Hackernews has no DM system – could you shoot me an email if you have a
moment? cbol###ton242#@gmail#.com

------
almightysilence
Watch this video, it might help you:
[https://www.ted.com/talks/emilie_wapnick_why_some_of_us_don_...](https://www.ted.com/talks/emilie_wapnick_why_some_of_us_don_t_have_one_true_calling?utm_campaign=tedspread&utm_medium=referral&utm_source=tedcomshare)

------
sky_projektor
Wish I had an answer to your question.
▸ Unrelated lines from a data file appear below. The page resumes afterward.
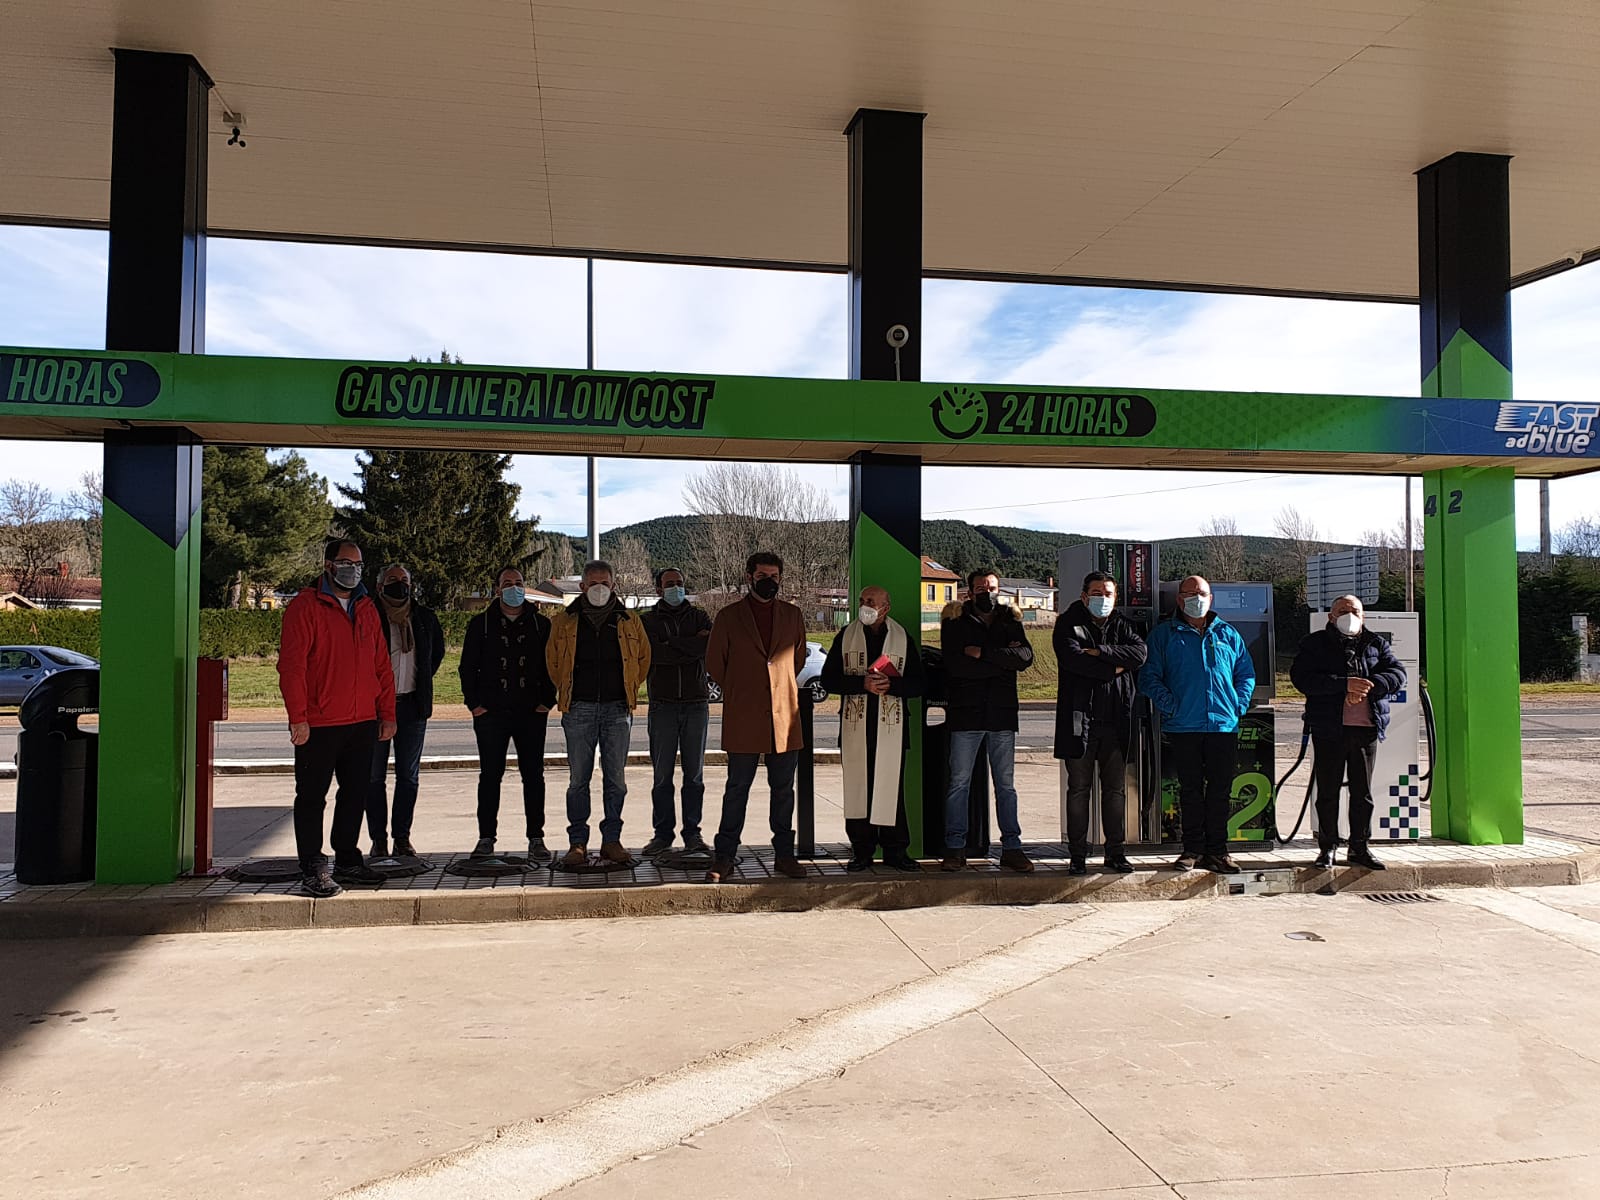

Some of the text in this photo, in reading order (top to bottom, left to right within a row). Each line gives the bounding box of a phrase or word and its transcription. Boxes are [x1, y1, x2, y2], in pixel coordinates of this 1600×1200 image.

[7, 357, 128, 405] HORAS
[342, 371, 708, 425] GASOLINERA LOW COST
[998, 395, 1131, 435] 24 HORAS
[1496, 403, 1600, 432] FAST
[1423, 494, 1437, 517] 4
[1447, 489, 1463, 515] 2
[1226, 771, 1272, 842] 2
But, you can try living alone in a
jungle & do the necessary things for basic survival, cultivate, hunt, cook,
tailor, etc. Those activities can help you get a new interest in regular
things & after a period of such stay, mundane things would appear interesting
to live for.

------
Tempest1981
There is a big push to pursue your passion, which could become a trap.

Mike Rowe has a different angle: "Don't Pursue Your Passion. Chase
Opportunity."

[https://m.youtube.com/watch?v=NT1i26RbrhM](https://m.youtube.com/watch?v=NT1i26RbrhM)

Not sure I fully agree, but I appreciate the different perspective

------
downrightmike
I had a guitar teacher who put it like: When you're learning to play a song,
eventually you'll hate playing it, but you need to keep practicing to get
better and get back to liking the song again.

------
werber
Maybe try to pivot into a less technical role, like a developer advocate where
you need to be technologically current, but also have a social teaching-esque
component to your role.

------
martin-adams
What I would do in your situation is start with reading books. If you’re not
into reading, try Audible.

What you mention feels in line with the book Start with Why by Simon Sinek.

------
excitednumber
What do you work on in terms of passion projects?

------
naringas
reflect that on how that is a privelge for a lucky few. practice feeling
grateful about it.

or go on a party binge so your job becomes harder to do, more challenging due
to tiredness.

------
InGodsName
Exploring and making money can be one and the same thing too.

I was exactly feeling like this before i started budiness then i found friends
to take over the boring parts.

------
sys_64738
I recommend you tell your immediate boss that you are bored with work and not
motivated. They'll quickly help you out.